AWS Machine Learning Practice Exam
The AWS Machine Learning certification helps organizations find and nurture people with important skills for using cloud technology. Getting certified in AWS Certified Machine Learning - Specialty shows that you're skilled in creating, training, adjusting, and launching machine learning models on AWS. This certification exam is for people who work in artificial intelligence (AI) or data science. It proves you can plan, create, deploy, improve, train, adjust, and manage machine learning solutions for different business needs using AWS. This exam also validates the candidate's skills in the:
- Choosing the best machine learning method for a specific business issue.
- Picking the right AWS services for setting up machine learning solutions.
- Creating and setting up machine learning solutions that are big, cost-effective, reliable, and safe.
Who should take this exam?
The AWS Certified Machine Learning - Specialty certification is for people who work in development or data science roles and have over a year of experience developing, designing, or managing machine learning and deep learning tasks on the AWS Cloud. Before you take this exam, it's best if you:
- Have at least two years of practical experience working on machine learning or deep learning tasks on the AWS Cloud.
- Can explain the basic ideas behind machine learning algorithms.
- Experience in basic hyperparameter optimization.
- Are familiar with machine learning and deep learning frameworks.
- Can follow the best practices for training, launching, and managing models.
Knowledge Requirement:
The ideal candidate should have a minimum of 2 years of hands-on experience in developing, architecting, and managing machine learning or deep learning workloads within the AWS Cloud environment. Further, the recommended AWS Knowledge includes:
- Demonstrated capability to articulate the underlying principles of fundamental ML algorithms.
- Proficiency in executing basic hyperparameter optimization.
- Familiarity with various ML and deep learning frameworks.
- Understanding and adherence to best practices in model training.
- Knowledge and application of best practices in deployment.
- Understanding and implementation of operational best practices.
Exam Details
- Exam Code: MLS-C01
- Exam Name: AWS Certified Machine Learning - Specialty exam
- Exam Languages: English, Japanese, Korean, and Simplified Chinese
- Exam Questions: 65 Questions
- Time: 180 minutes
- Passing Score: 750
AWS Machine Learning Exam Topics
The AWS Machine Learning exam covers the following topics -
Domain 1: Understand Data Engineering (20%)

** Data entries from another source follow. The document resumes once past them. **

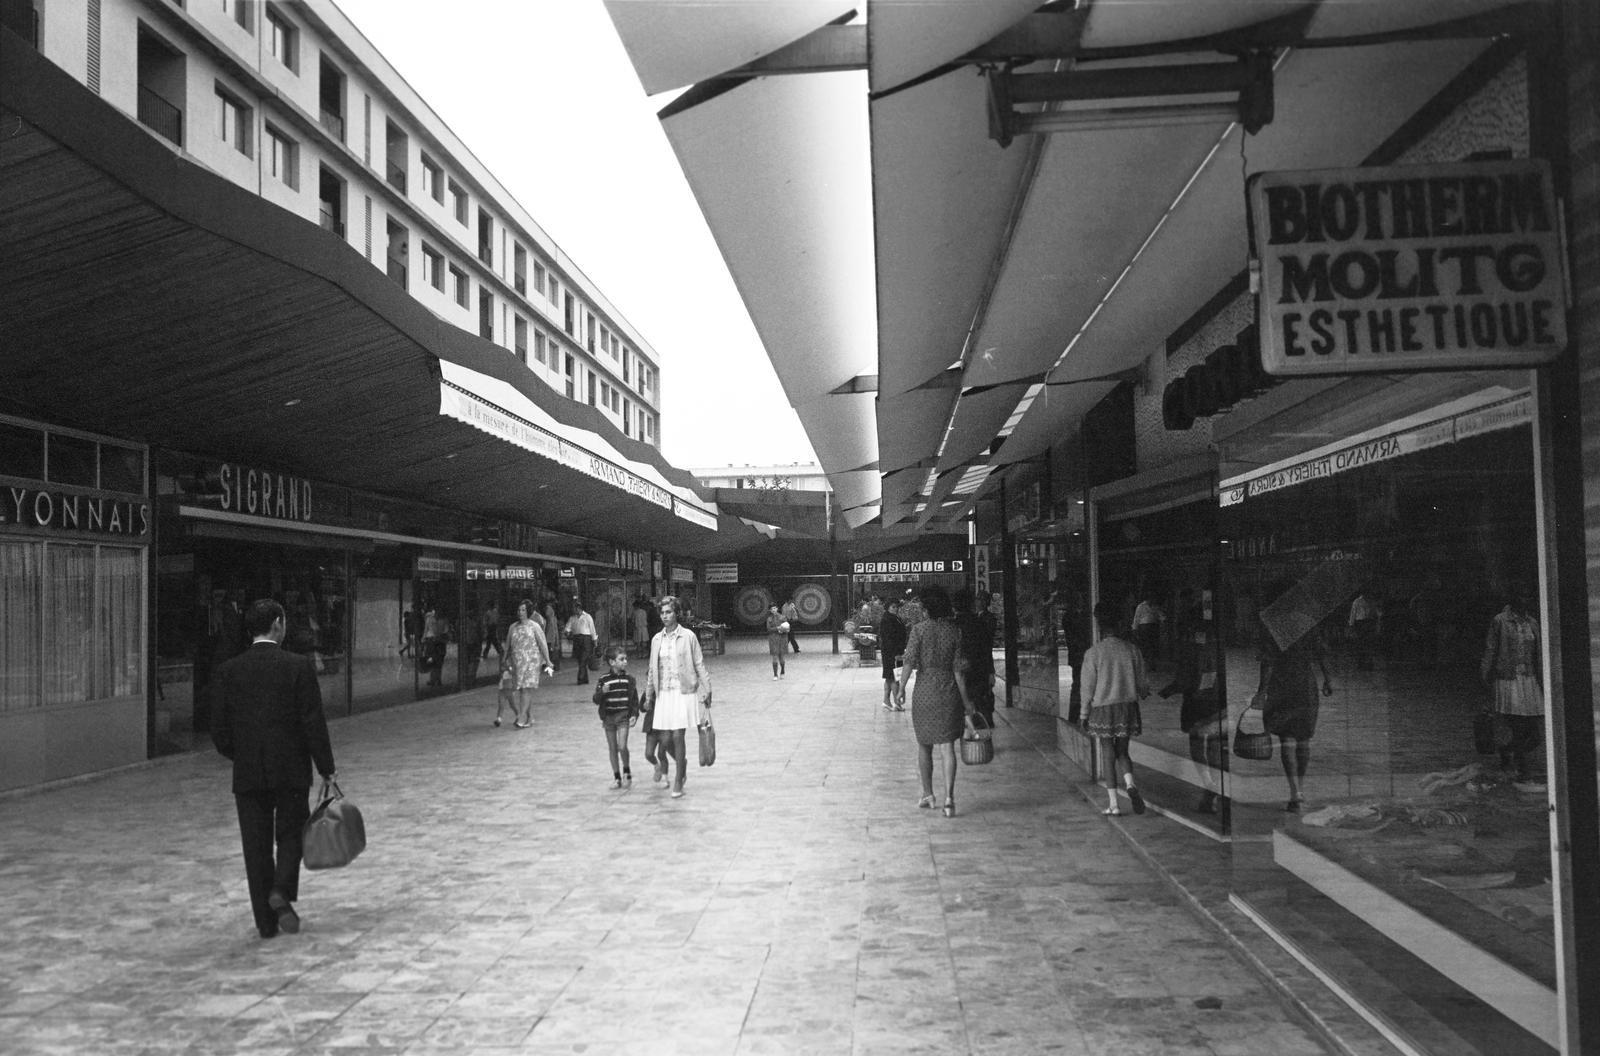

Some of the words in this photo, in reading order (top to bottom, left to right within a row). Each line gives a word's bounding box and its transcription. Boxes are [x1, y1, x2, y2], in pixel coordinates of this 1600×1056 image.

[1263, 173, 1553, 245] BIOTHERM
[1282, 300, 1556, 357] ESTHETIQUE
[219, 463, 313, 521] SIGRAND
[590, 457, 625, 486] ARMAND
[855, 561, 944, 573] PRISUNIC

- Create data repositories for ML.
- Identify and implement a data ingestion solution.
- Identify and implement a data transformation solution.
Domain 2: Learn Exploratory Data Analysis (24%)
- Sanitize and prepare data for modeling.
- Perform feature engineering.
- Analyze and visualize data for ML.
Domain 3: Understand Modeling (36%)
- Frame business problems as ML problems.
- Select the appropriate model(s) for a given ML problem.
- Train ML models.
- Perform hyperparameter optimization.
Domain 4: Explore Machine Learning Implementation and Operations (20%)
- Build ML solutions for performance, availability, scalability, resiliency, and fault tolerance.
- Recommend and implement the appropriate ML services and
- features for a given problem.
- Apply basic AWS security practices to ML solutions.
- Deploy and operationalize ML solutions.